Parameter Specifications for Incremental Reading of Hudi Table Data with Spark

Rules

Before performing an incremental query, you must set the current table's query mode to incremental query and reset the table's query mode after the query is completed.

If the table's query mode is not reset after the incremental query, subsequent real-time queries will be affected.

Example

The following uses a SQL job as an example:

Set parameters.

hoodie.tableName.consume.mode=INCREMENTAL // Set the current table to be read in incremental mode.
hoodie.tableName.consume.start.timestamp=20201227153030 // Specify the initial incremental pull commit.
hoodie.tableName.consume.end.timestamp=20210308212318 // Specify the incremental pull end commit. If not specified, the latest commit is used.

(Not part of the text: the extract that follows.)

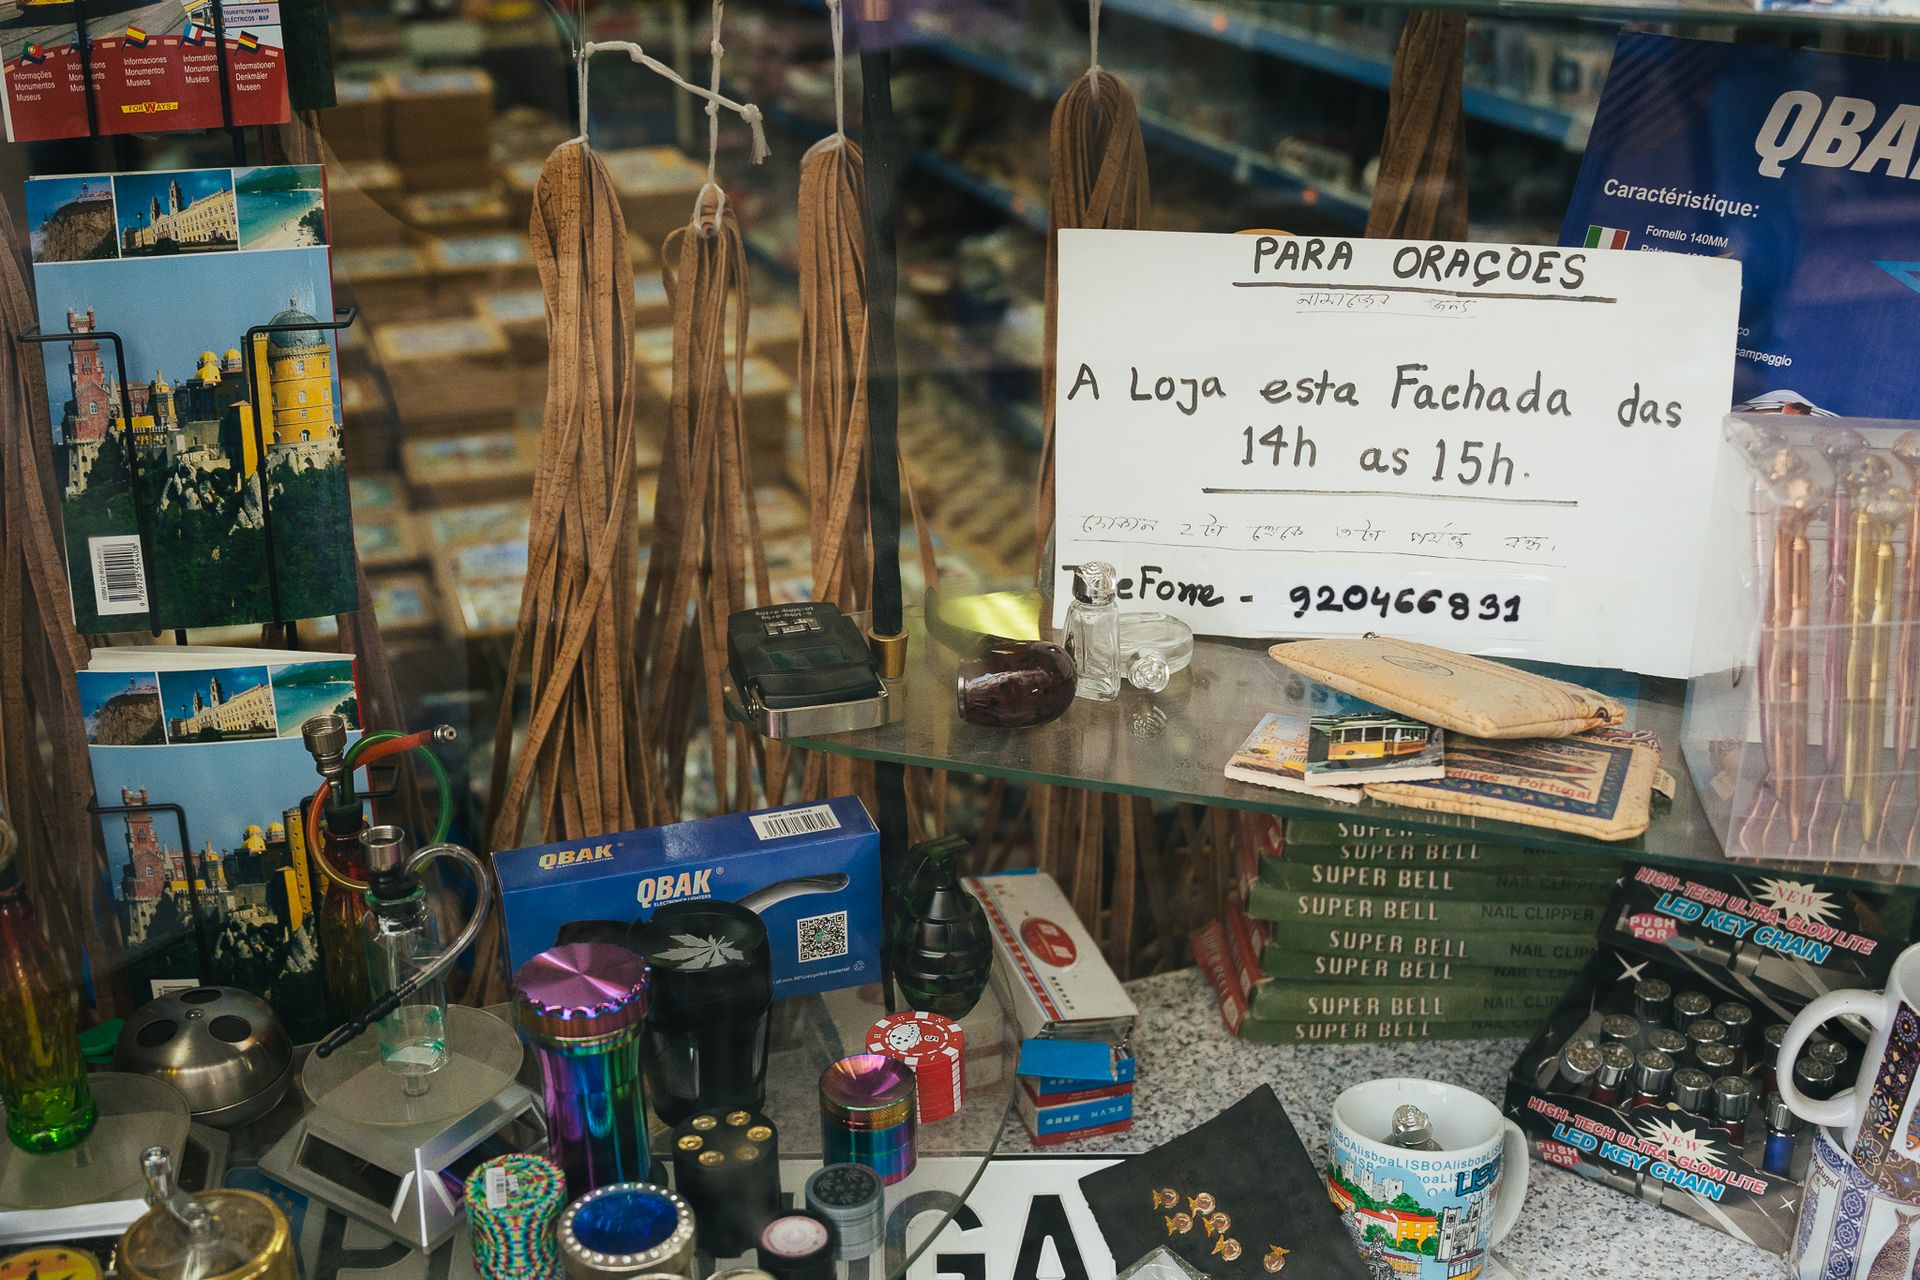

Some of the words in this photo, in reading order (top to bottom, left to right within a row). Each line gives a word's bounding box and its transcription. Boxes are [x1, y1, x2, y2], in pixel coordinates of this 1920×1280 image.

Run the following SQL statement:

select * from tableName where `_hoodie_commit_time`>'20201227153030' and `_hoodie_commit_time`<='20210308212318'; // The results must be filtered based on start.timestamp and end.timestamp. If end.timestamp is not specified, then filtering should only be done based on start.timestamp.

When submitting other SQL statements, you need to clear the preceding configuration parameters to avoid affecting the execution results of other tasks.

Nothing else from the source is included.